Surveillance au niveau européen
L’EFSA a publié en 2019 les résultats d’une enquête de référence sur la contamination des huîtres par NoV [11]. Cette étude était conçue pour évaluer la prévalence en génome de NoV dans les huîtres, sans considération du risque pour la santé humaine. Elle a concerné douze états membres et la Norvège, de 2016 à 2018. La France représente 39% des résultats de l’étude au niveau des zones de production et 89% en centres d’expédition. Au niveau européen, les résultats montrent une prévalence en génome de NoV humains dans les huîtres de 34,5% au niveau des zones de production (n=2 180) et de 10,9% au niveau des centres d’expédition (n= 2 129). Le niveau de contamination était, dans plus de 90% des cas inférieur, à la limite de quantification (non détection ou détection en-dessous de la limite de quantification). La contamination a une forte composante saisonnière (moindre prévalence en été, pic de novembre à février).

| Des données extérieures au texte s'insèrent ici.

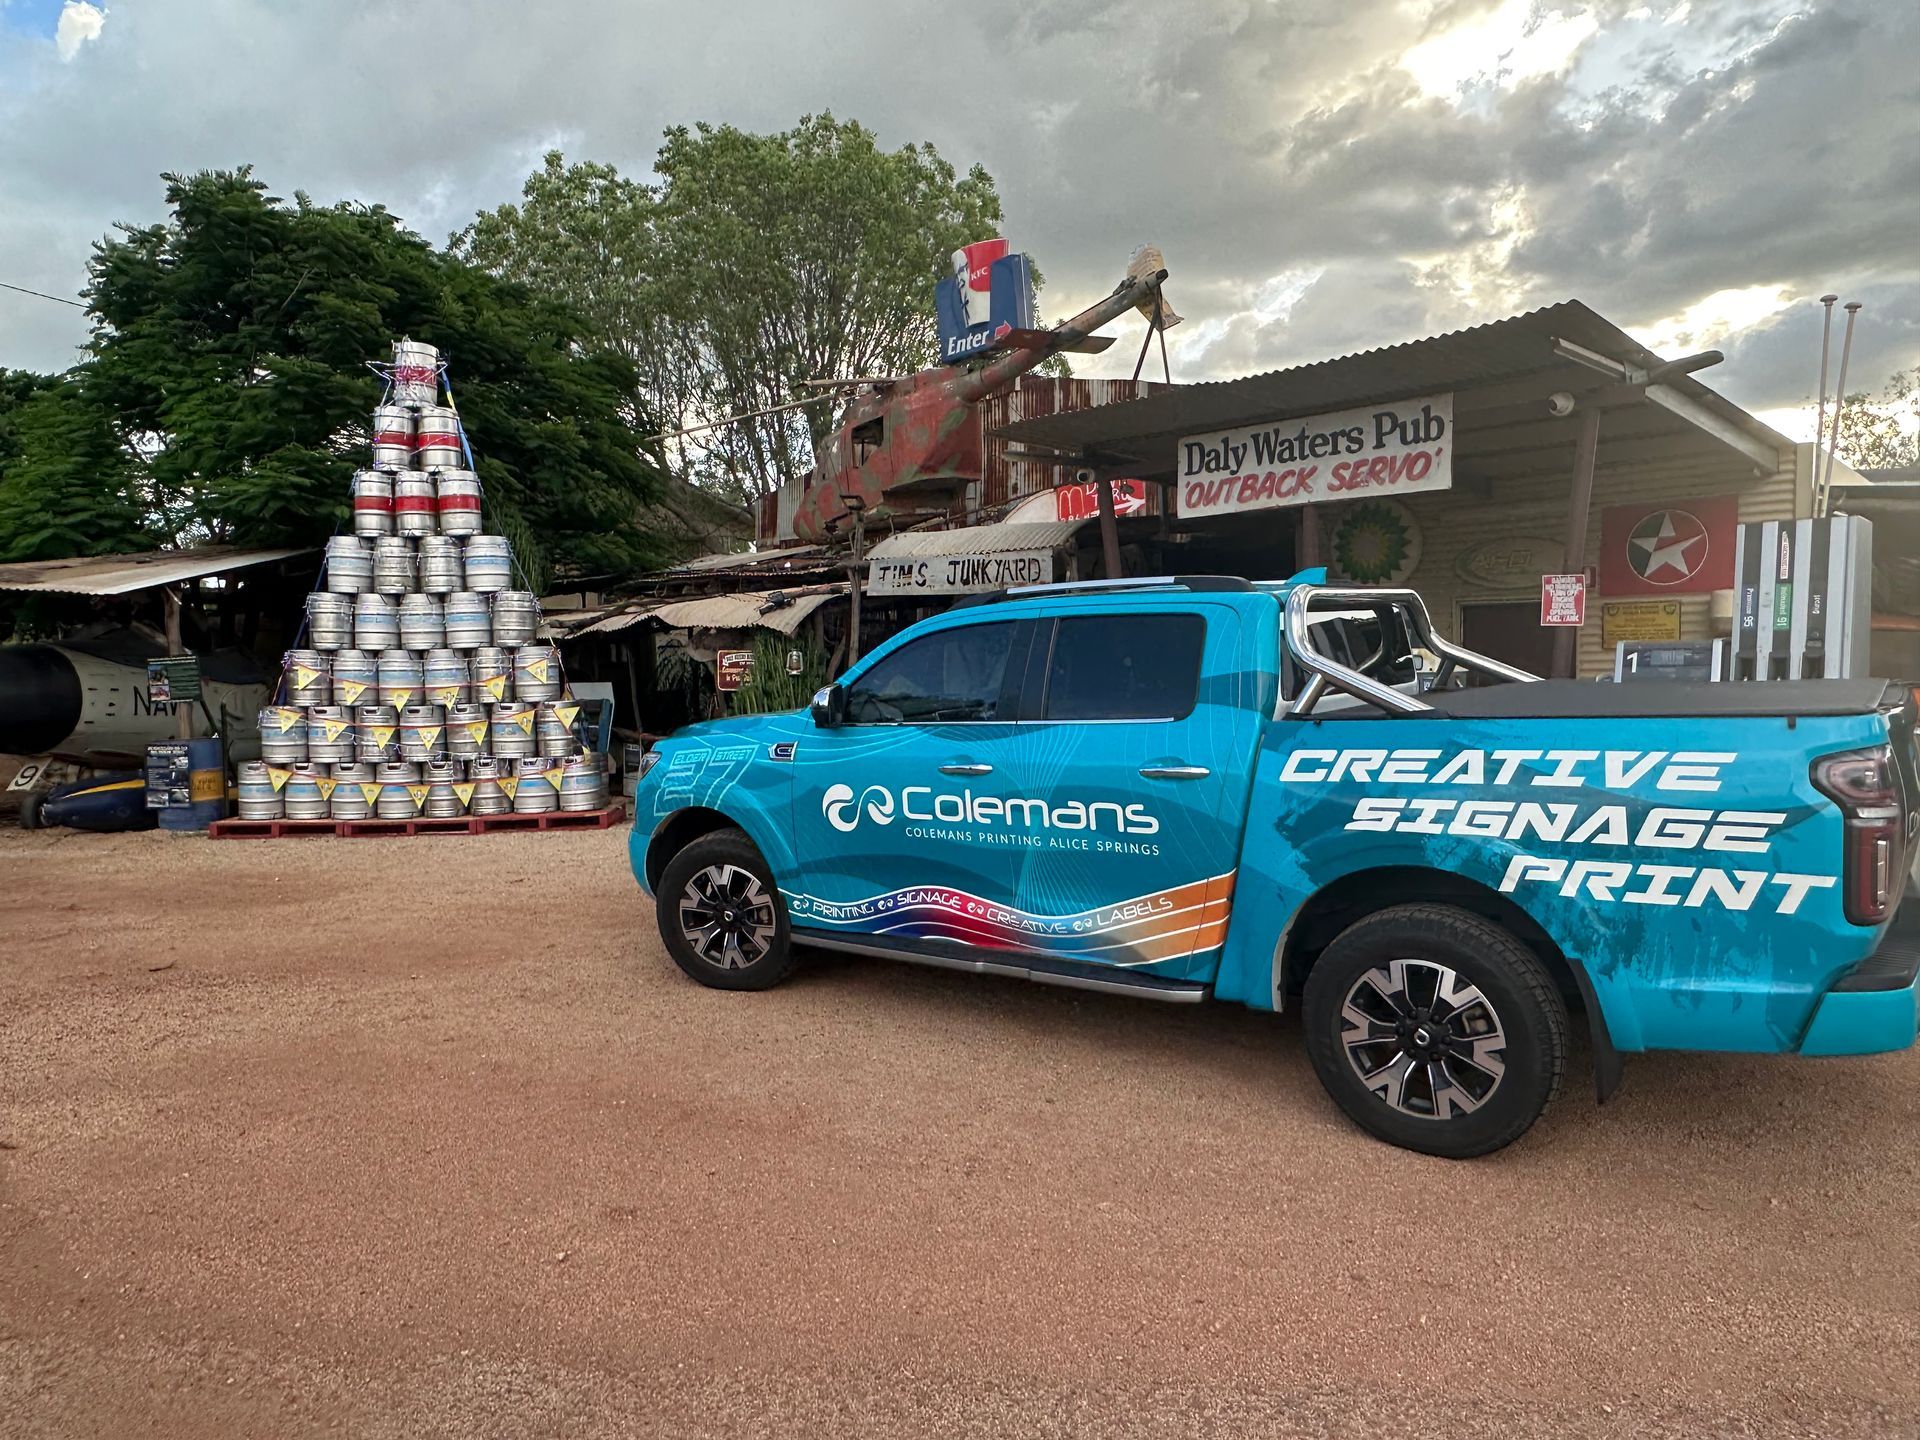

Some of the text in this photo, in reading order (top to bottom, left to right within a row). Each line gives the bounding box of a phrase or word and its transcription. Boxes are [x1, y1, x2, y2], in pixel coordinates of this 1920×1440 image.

[971, 266, 988, 281] KFC
[947, 329, 990, 356] Enter
[1184, 405, 1445, 476] Daly Waters Pub
[947, 557, 1041, 587] JUNKYARD
[1744, 616, 1754, 627] 95
[1777, 617, 1787, 626] 91
[1627, 652, 1638, 673] 1
[715, 749, 752, 761] STREET
[1279, 749, 1738, 792] CREATIVE
[902, 786, 1160, 835] Colemans
[1344, 797, 1787, 853] SIGNAGE
[905, 827, 1160, 856] COLEMANS PRINTING ALICE SPRINGS
[1498, 855, 1837, 915] PRINT
[813, 891, 1173, 933] PRINTING SIGNAGE CREATIVE LABELS

Un autre facteur de risque est le classement de la zone au regard du risque de contamination fécale. Toutes les zones de production européennes sont classées dans une des quatre catégories (A, B, C et non classée) en fonction de l’ensemble des quantifications d’E. coli réalisées dans la zone. Le classement est réévalué chaque année en tenant compte des résultats de surveillance des 3 années précédentes. Les zones A sont celles où la qualité de l’eau est la meilleure. Les coquillages qui y sont produits peuvent être commercialisés sans passage en centre de purification.

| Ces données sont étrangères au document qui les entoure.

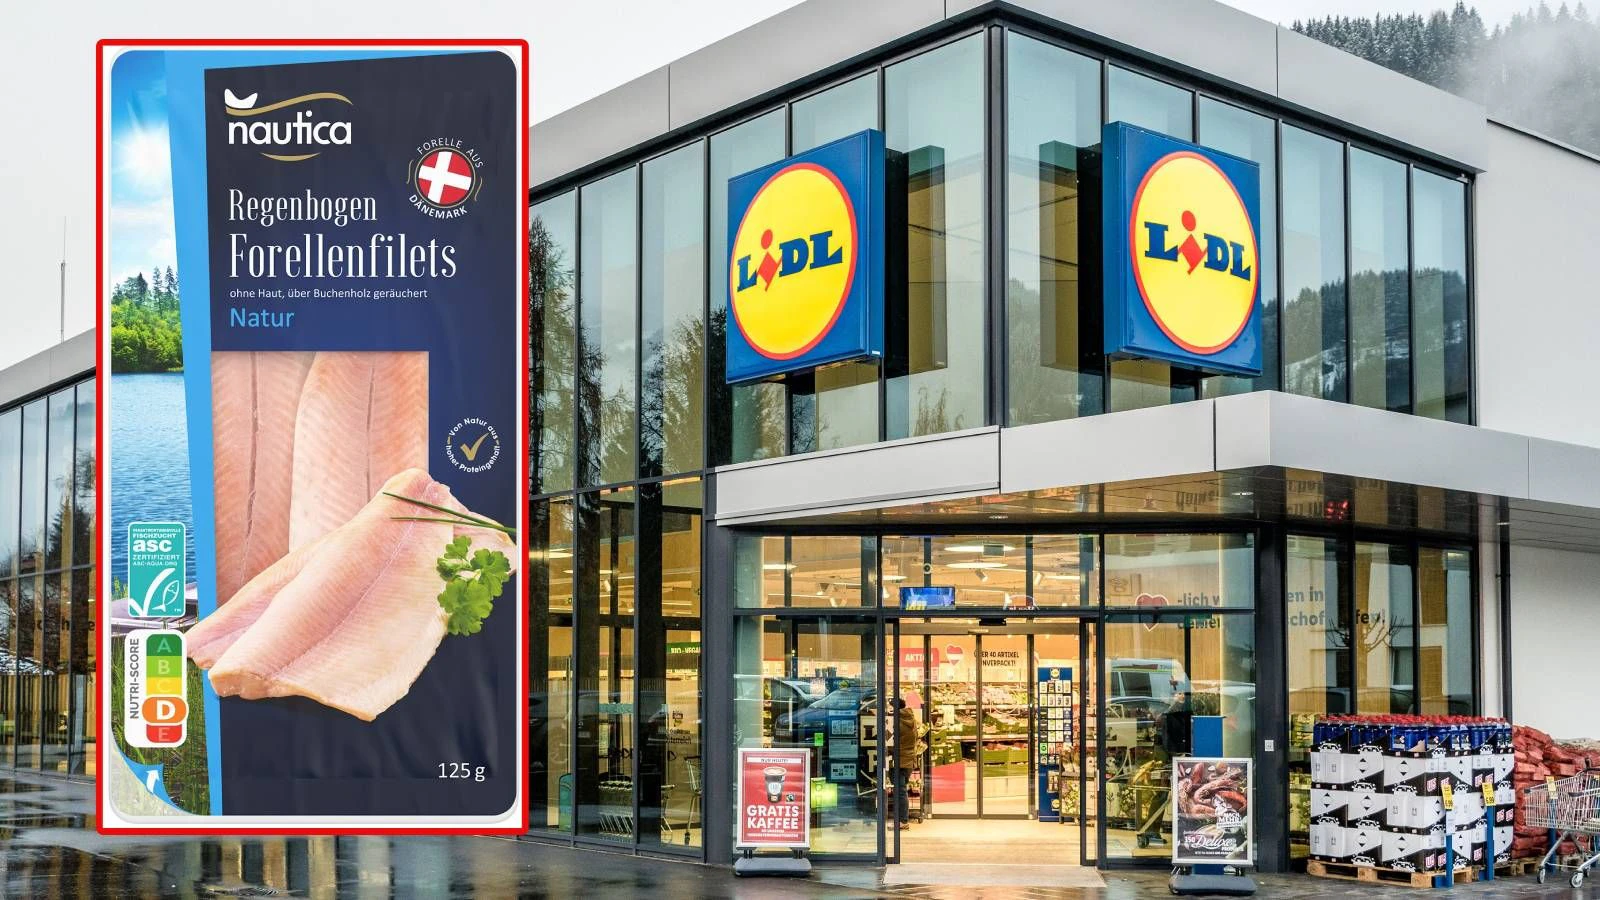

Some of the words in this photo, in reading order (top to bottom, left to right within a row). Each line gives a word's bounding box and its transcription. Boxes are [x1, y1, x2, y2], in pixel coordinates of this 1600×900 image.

[228, 110, 352, 145] nautica
[417, 137, 463, 155] FORELLE
[466, 148, 484, 168] AUS
[228, 188, 378, 227] Regenbogen
[409, 194, 468, 219] DÄNEMARK
[228, 233, 458, 278] Forellenfilets
[229, 289, 255, 298] ohne
[258, 289, 285, 299] Haut,
[287, 288, 311, 298] über
[313, 288, 371, 298] Buchenholz
[372, 288, 428, 300] geräuchert
[229, 307, 295, 328] Natur
[448, 423, 463, 436] Von
[463, 417, 488, 426] Natur
[487, 425, 499, 440] aus
[132, 539, 172, 553] asc
[157, 637, 172, 653] A
[158, 659, 170, 675] B
[981, 659, 1016, 667] NVERPACKT!
[129, 638, 140, 719] NUTRI-SCORE
[157, 679, 173, 693] C
[156, 700, 176, 720] D
[158, 727, 171, 741] E
[438, 762, 471, 779] 125
[475, 766, 486, 782] g
[746, 805, 799, 817] GRATIS
[747, 818, 799, 830] KAFFEE

L’étude EFSA a montré que la contamination par les NoV était moindre dans les zones classées A, quelle que soit la période de l’année. Ceci est vrai au niveau des zones de production mais aussi des centres d’expédition. Ces résultats confirment l’impact de la qualité générale des eaux sur le risque NoV. Une différence dans la saisonnalité a aussi été observée entre les deux génogroupes testés. La saisonnalité est moins marquée pour les NoV de génogroupe I. Ce phénomène est cohérent avec les travaux de l’Ifremer sur les ligands. Le NoV de génogroupe I étant plus fortement lié aux huîtres que le génogroupe II, il est logique qu’il y persiste plus longtemps, et donc que sa saisonnalité soit moins forte [5].